The first is Brazil’s objection to a challenge by the European Union
to a set of Brazilian taxes and charges in the automotive sector,
on information and communication technology, automation and related
goods. At stake is the policy space of a developing country to innovate
and develop its domestic industries within the WTO framework of agreements.
According to Brazil at the DSB meeting, “these programmes are a fundamental
tool for the promotion of sustainable development of its economy,
for the promotion of more technological innovation, for enhancing
the skills of the workforce and for increased participation in international
trade flows.” The EU argues that the measures are inconsistent
with Brazil’s WTO obligations and thus seek to establish a dispute
settlement panel.
The
second relates to a DSB decision on India’s measures concerning the
importation of certain agricultural products from the United States.
The
third is a statement by Australia concerning its disputes with Ukraine,
Honduras, the Dominican Republic, Cuba and Indonesia over its tobacco
plain packaging measures.
With
best wishes,
Third
World Network
Brazil blocks EU panel request over taxation and charges
Published in SUNS #7920 dated 20 November 2014
Geneva,
19 Nov (Kanaga Raja) -- A request for the establishment of a panel
by the European Union concerning Brazilian taxes and charges in the
automotive sector, on information and communication technology, automation
and related goods, as well as other measures was blocked by Brazil
at a meeting of the WTO Dispute Settlement Body (DSB) on Tuesday.
This was a first-time request and panel establishment will be automatic
when the request comes up again before the DSB.

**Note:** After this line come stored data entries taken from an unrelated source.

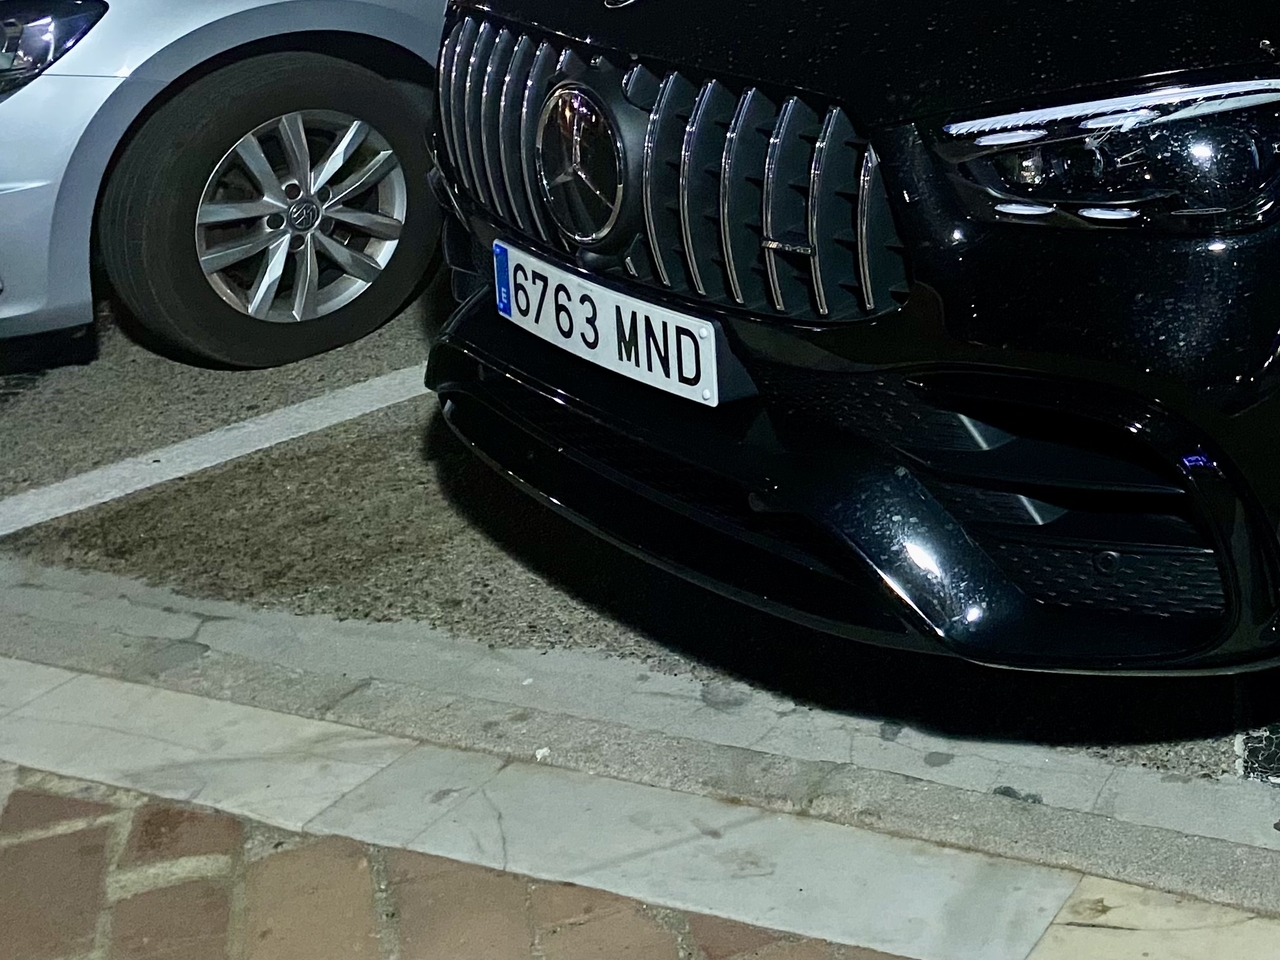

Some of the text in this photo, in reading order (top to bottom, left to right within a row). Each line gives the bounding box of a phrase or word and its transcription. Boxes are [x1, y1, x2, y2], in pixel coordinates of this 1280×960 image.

[501, 263, 702, 387] E 6763 MND
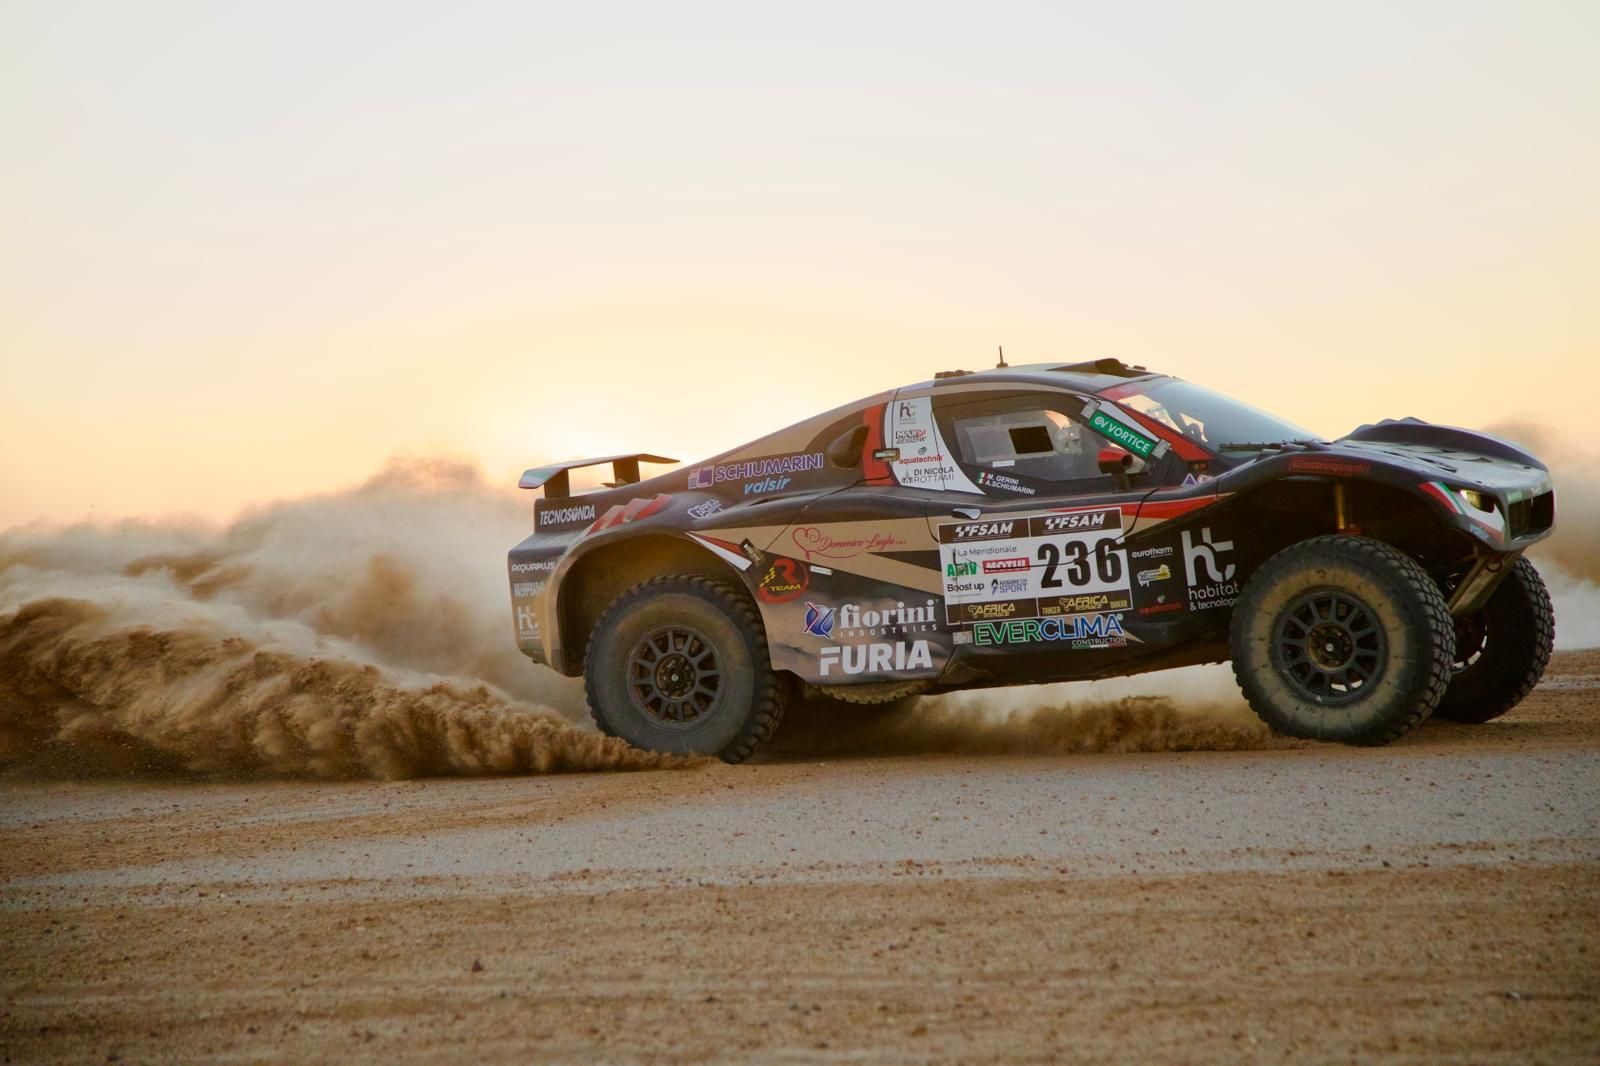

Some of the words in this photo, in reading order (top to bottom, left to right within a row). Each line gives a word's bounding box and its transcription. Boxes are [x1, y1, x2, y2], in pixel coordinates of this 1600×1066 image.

[1108, 423, 1151, 453] VORTICE
[899, 454, 944, 465] aquatechnik
[715, 453, 823, 482] SCHIUMARINI
[924, 466, 954, 476] NICOLA
[744, 475, 791, 495] valsir
[914, 474, 954, 484] ROTTAMI
[995, 475, 1020, 486] GERINI
[540, 504, 595, 526] TECNOSONDA
[1132, 546, 1173, 558] eurotherm
[1037, 537, 1122, 589] 236
[947, 583, 973, 592] Boost
[974, 582, 985, 592] up
[1000, 584, 1028, 593] SPORT
[1188, 581, 1240, 600] habitat
[1066, 595, 1109, 608] AFRICA
[1189, 601, 1197, 611] &
[839, 599, 937, 629] fiorini
[975, 603, 1016, 614] AFRICA
[840, 624, 938, 638] INDUSTRIES
[973, 613, 1123, 646] EVERCLIMA
[1071, 637, 1127, 646] CONSTRUCTION
[820, 640, 933, 676] FURIA

According to the EU communication to the DSB, in the automotive sector,
Brazil has established a "Programme of incentive to the technological
innovation and densification of the automotive supply chain",
also known as "INOVAR-AUTO".
Under the INOVAR-AUTO programme, Brazil provides tax advantages with
respect to the "Tax on Industrial Products" (IPI). The tax
advantages consist of a reduction of the IPI tax burden on the sale
of the products (motor vehicles) covered by the programme.

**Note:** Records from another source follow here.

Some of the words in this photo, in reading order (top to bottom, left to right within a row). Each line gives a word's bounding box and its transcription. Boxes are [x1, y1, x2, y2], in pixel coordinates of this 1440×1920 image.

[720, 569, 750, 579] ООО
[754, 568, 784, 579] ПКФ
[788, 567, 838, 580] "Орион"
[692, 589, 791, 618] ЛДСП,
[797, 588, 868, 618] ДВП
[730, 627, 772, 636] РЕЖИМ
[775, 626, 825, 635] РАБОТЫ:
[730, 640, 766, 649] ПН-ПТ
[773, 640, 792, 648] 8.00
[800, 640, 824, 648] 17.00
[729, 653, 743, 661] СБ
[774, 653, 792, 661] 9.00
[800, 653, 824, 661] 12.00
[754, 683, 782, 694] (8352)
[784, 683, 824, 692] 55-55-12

According to the EU, to benefit from the INOVAR-AUTO programme, companies
need to be "accredited" by means of an administrative decision.
There are three types of "accreditation": (i) for domestic
manufacturers; (ii) for local distributors without manufacturing activities
in Brazil; and (iii) for investors in domestic manufacturing capacity.
In order to be "accredited", eligible operators must fulfil
certain conditions which concern, depending on the accreditation sought,
in particular a minimum number of manufacturing activities in Brazil
and/or minimum levels of expenditure in Brazil on research and development,
engineering, basic industrial technology and capacity-building of
actual and potential suppliers.
Under the INOVAR-AUTO programme, accredited companies can earn tax
credits which can be used, under certain conditions, to offset the
IPI otherwise due on the domestic sale of motor vehicles covered by
the programme.
The tax credits are linked to the level of expenditure in Brazil on
certain items, including strategic inputs and tools, research and
development, or capacity-building of suppliers.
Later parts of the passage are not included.